Aspettami in soffitta

Gal aveva riposto con cura il vecchio libro di fiabe nella cassapanca del corredo, alla sesta lettura aveva capito ormai, che la matrigna di Hansel e Gretel non li avrebbe tenuti con sé, per quante volte lo avesse riletto. Lo coprì con una federa e tossì quando sollevò una nuvola di polvere, spostandola. Si era stretta nello scialle di lana e aveva abbassato la luce della lampada, controllò che il grosso baule dove erano riposti gli incartamenti del vecchio Filip fosse ben attaccato alla finestrella circolare, non avrebbe certo dovuto essere lì e se qualcuno avesse visto una luce accesa in soffitta, a quell’ora, si sarebbe insospettito. Erano giorni che voleva guardare dentro quel baule. Il vecchio Filip era stato uno scienziato, le avevano detto. Un grande studioso e tutto, proprio tutto quello che aveva lasciato scritto, era conservato là dentro. Sarebbe stato fantastico se avesse trovato una formula per diventare invisibile, o per cambiare aspetto. O magari i piani per costruire un aereo fatto in casa, con i pensili della cucina e le tendine del bagno, o meglio ancora una formula che l’avesse resa invincibile. La sua curiosità però doveva aspettare ancora. Iwo le aveva detto di aspettarlo, che l’avrebbe raggiunta il prima possibile e quindi era una specie di patto. E i patti si rispettano, anche a otto anni.

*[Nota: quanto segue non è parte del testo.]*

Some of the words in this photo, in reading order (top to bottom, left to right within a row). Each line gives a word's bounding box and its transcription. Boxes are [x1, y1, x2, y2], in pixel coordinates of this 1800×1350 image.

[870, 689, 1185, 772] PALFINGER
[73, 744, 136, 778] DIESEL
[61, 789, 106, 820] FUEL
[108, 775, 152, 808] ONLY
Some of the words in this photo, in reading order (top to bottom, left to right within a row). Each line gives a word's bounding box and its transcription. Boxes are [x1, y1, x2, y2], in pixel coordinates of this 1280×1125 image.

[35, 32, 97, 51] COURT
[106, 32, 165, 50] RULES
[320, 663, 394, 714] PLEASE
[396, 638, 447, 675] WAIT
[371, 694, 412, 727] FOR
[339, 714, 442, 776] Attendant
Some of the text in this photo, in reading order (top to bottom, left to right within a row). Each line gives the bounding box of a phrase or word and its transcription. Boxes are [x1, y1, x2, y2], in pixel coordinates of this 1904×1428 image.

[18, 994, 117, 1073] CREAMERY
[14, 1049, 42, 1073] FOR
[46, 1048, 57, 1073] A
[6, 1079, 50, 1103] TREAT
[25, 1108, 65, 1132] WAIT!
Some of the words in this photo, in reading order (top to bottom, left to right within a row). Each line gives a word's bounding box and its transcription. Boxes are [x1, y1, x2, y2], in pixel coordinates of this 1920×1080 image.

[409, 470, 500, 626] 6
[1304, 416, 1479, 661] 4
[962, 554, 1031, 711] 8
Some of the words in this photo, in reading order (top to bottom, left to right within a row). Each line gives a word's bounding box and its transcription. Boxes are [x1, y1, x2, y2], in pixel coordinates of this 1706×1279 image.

Era passato tanto tempo però, ormai era notte fonda e di Iwo non c’era traccia. Aveva finito anche di mangiare il pane e burro. Aveva preso il piatto per avvolgerlo nel canovaccio, come le aveva spiegato sua mamma. Non aveva fatto cadere nemmeno una briciola, o sarebbero arrivati i topi e poi chissà cos’altro e aveva nascosto il fagotto nella cassapanca accanto al libro.
Si sentiva sola e aveva anche freddo, però non poteva tirar fuori le stoffe del corredo, o se fosse arrivato qualcuno non avrebbe fatto in tempo a rimetterle a posto. Si accoccolò vicino al baule del mistero, le ginocchia al petto e le braccia conserte a fissare lo spiraglio di luce che filtrava appena dalla botola, a qualche passo da lei.
 
Si era appisolata probabilmente, perché un rumore forte dal piano di sotto l’aveva fatta sobbalzare. Appoggiò le manine sulla botola cercando di spiare attraverso la fessura. Niente. Poi un altro boato e delle grida. Quello che urlava sembrava proprio il papà di Iwo, ma lei non poteva scendere, aveva promesso che sarebbe rimasta lassù, qualunque cosa fosse accaduta. Che non si sarebbe fatta scoprire.
Dei passi veloci su per le scale, tanti.
Si ricordò la procedura all’ultimo minuto e corse verso una vecchia toelette. Lo specchio si spostava e lei avrebbe potuto nascondersi nel vano all’interno. Spinse sulla parete liscia con entrambe le mani, finché non ruotò di quarantacinque gradi.
La botola si spalancò con un tonfo.
Iwo?
Il soldato le urlò qualcosa in una lingua che non conosceva e le puntò contro il fucile.
 
Gal non arrivò mai a Birkenau, e il suo nome si perse nella notte del 13 marzo del 43, in una soffitta di Cracovia.